Debris was blown hundreds of feet into the air. Panic quickly broke out as the crowd turned and ran. Some of the debris came down among the spectators, killing two and seriously injuring at least six others. A photographer, Jarvis "Joe" Deane of Waco, lost one eye to a flying bolt. The locomotives and their boxcars were reduced to scraps of wood and steel:

All that remained of the two engines and twelve cars was a smoking mass of fractured metal and kindling wood, except one car on the rear of each train, which had been left untouched. The engines had both been completely telescoped, and contrary to experience in such cases, instead of rising in the air from the force of the blow, were just flattened out. There was nothing about the cars big enough to save except pieces of wood, which were eagerly seized upon and carried home as souvenirs.

==Aftermath==

"The Great Crush Collision March" composed by Scott Joplin to commemorate the event.

The story made national headlines, and Crush was immediately "fired" from the Katy Railroad. In light of a lack of negative publicity, however, he was "rehired" the next day and continued to work for the company until his retirement, in a career spanning six decades. The Katy Railroad quickly settled several lawsuits from the victims' families with cash and lifetime rail passes; the injured photographer received damages amounting to US$10,000 in 1896 (equivalent to more than $370,000 in 2025). Though the incident had resulted in tragedy, the Katy benefited enormously from the attention it received, including international recognition. Despite the disaster, many railroads continued to stage locomotive collisions in the following years.
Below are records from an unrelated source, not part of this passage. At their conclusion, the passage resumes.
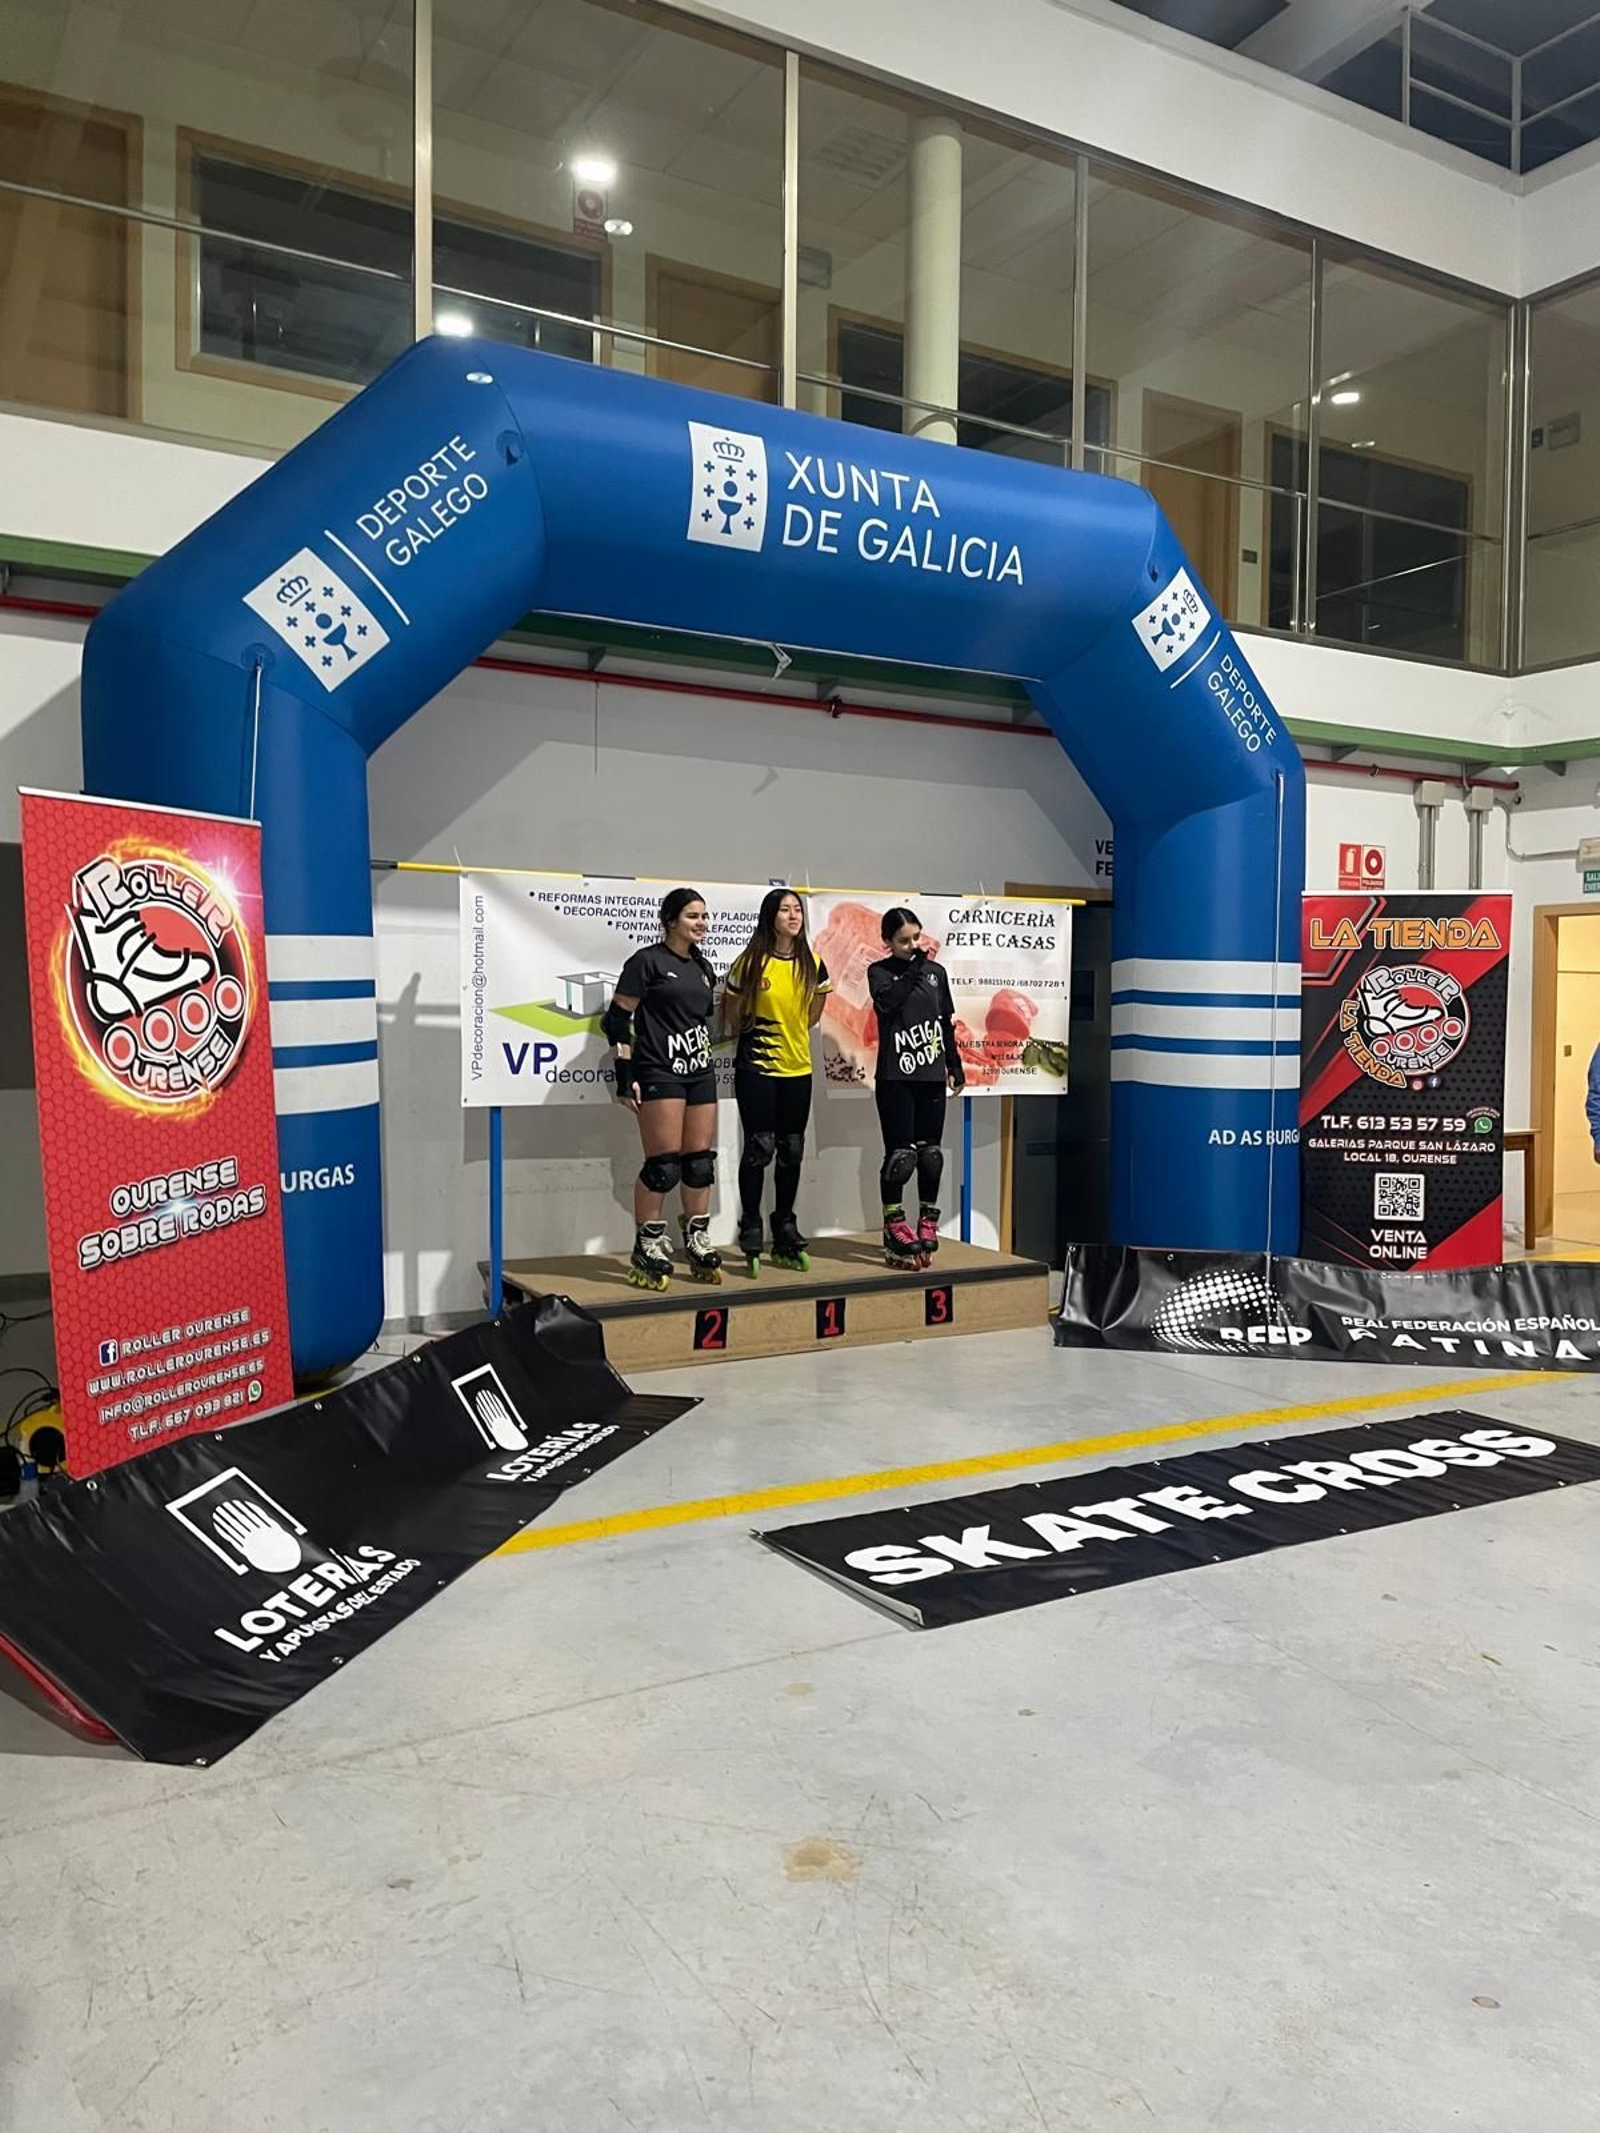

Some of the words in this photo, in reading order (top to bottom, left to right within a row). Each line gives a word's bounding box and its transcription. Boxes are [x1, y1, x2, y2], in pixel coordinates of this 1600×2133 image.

[356, 435, 477, 540] DEPORTE
[784, 451, 941, 518] XUNTA
[385, 473, 488, 566] GALEGO
[782, 503, 842, 554] DE
[857, 518, 1024, 586] GALICIA
[1207, 671, 1261, 752] GALEGO
[1220, 654, 1277, 746] DEPORTE
[81, 858, 235, 941] ROLLER
[538, 891, 601, 905] REFORMAS
[563, 905, 637, 919] DECORACIÓN
[640, 909, 654, 919] EN
[712, 911, 719, 921] Y
[945, 932, 992, 947] PEPE
[996, 934, 1056, 950] CASAS
[1311, 918, 1359, 949] LA
[1368, 918, 1501, 949] TIENDA
[471, 895, 487, 1081] VPdecoracion@hotmail.com
[1366, 966, 1461, 1004] ROLLER
[1340, 1000, 1359, 1032] LA
[103, 1024, 233, 1090] OURENSE
[502, 1042, 558, 1075] VP
[1344, 1032, 1407, 1088] TIENDA
[1370, 1037, 1453, 1070] OURENSE
[1208, 1128, 1237, 1146] AD
[1240, 1129, 1263, 1146] AS
[1265, 1128, 1299, 1146] BURG
[1321, 1115, 1353, 1130] TLF.
[1356, 1116, 1386, 1131] 613
[1390, 1117, 1412, 1131] 53
[1417, 1117, 1439, 1132] 57
[1443, 1118, 1466, 1132] 59
[1308, 1138, 1365, 1149] GALERIAS
[1368, 1139, 1416, 1151] PARQUE
[1418, 1141, 1444, 1151] SAN
[1445, 1140, 1496, 1153] LÁZARO
[1344, 1152, 1382, 1163] LOCAL
[1402, 1154, 1457, 1165] OURENSE
[110, 1156, 238, 1217] OURENSE
[78, 1212, 177, 1269] SOBRE
[180, 1185, 266, 1233] RODAS
[1371, 1228, 1427, 1244] VENTA
[1369, 1244, 1427, 1260] ONLINE
[823, 1301, 840, 1336] 1
[931, 1289, 948, 1323] 3
[1341, 1316, 1389, 1329] REAL
[1391, 1318, 1510, 1333] FEDERACIÓN
[1514, 1314, 1600, 1331] ESPAÑOL
[120, 1327, 182, 1356] ROLLER
[185, 1307, 250, 1339] OURENSE
[701, 1309, 724, 1349] 2
[485, 1422, 601, 1481] LOTERÍAS
[843, 1485, 1254, 1585] SKATE
[1228, 1430, 1556, 1503] CROSS
[259, 1649, 281, 1663] Y
[368, 1558, 422, 1595] ESTADO
Ragtime composer Scott Joplin, who was performing in the region at the time, composed a piano piece he called the "Great Crush Collision March" to commemorate the crash; the composition was dedicated to the Missouri-Kansas-Texas Railway. It was copyrighted on October 15, 1896, a month after the event. The piece was notable because it included instructions in the score for how to replicate the sounds of the trains' collision through playing techniques, specific notes, and the use of dynamics.

In 1976, the Texas Historical Commission erected a historical marker (number 5315) a few miles from the site in West, Texas at the Katy Depot.

In 2025, British alternative band Red Rum Club released a song about the event entitled Crush, TX.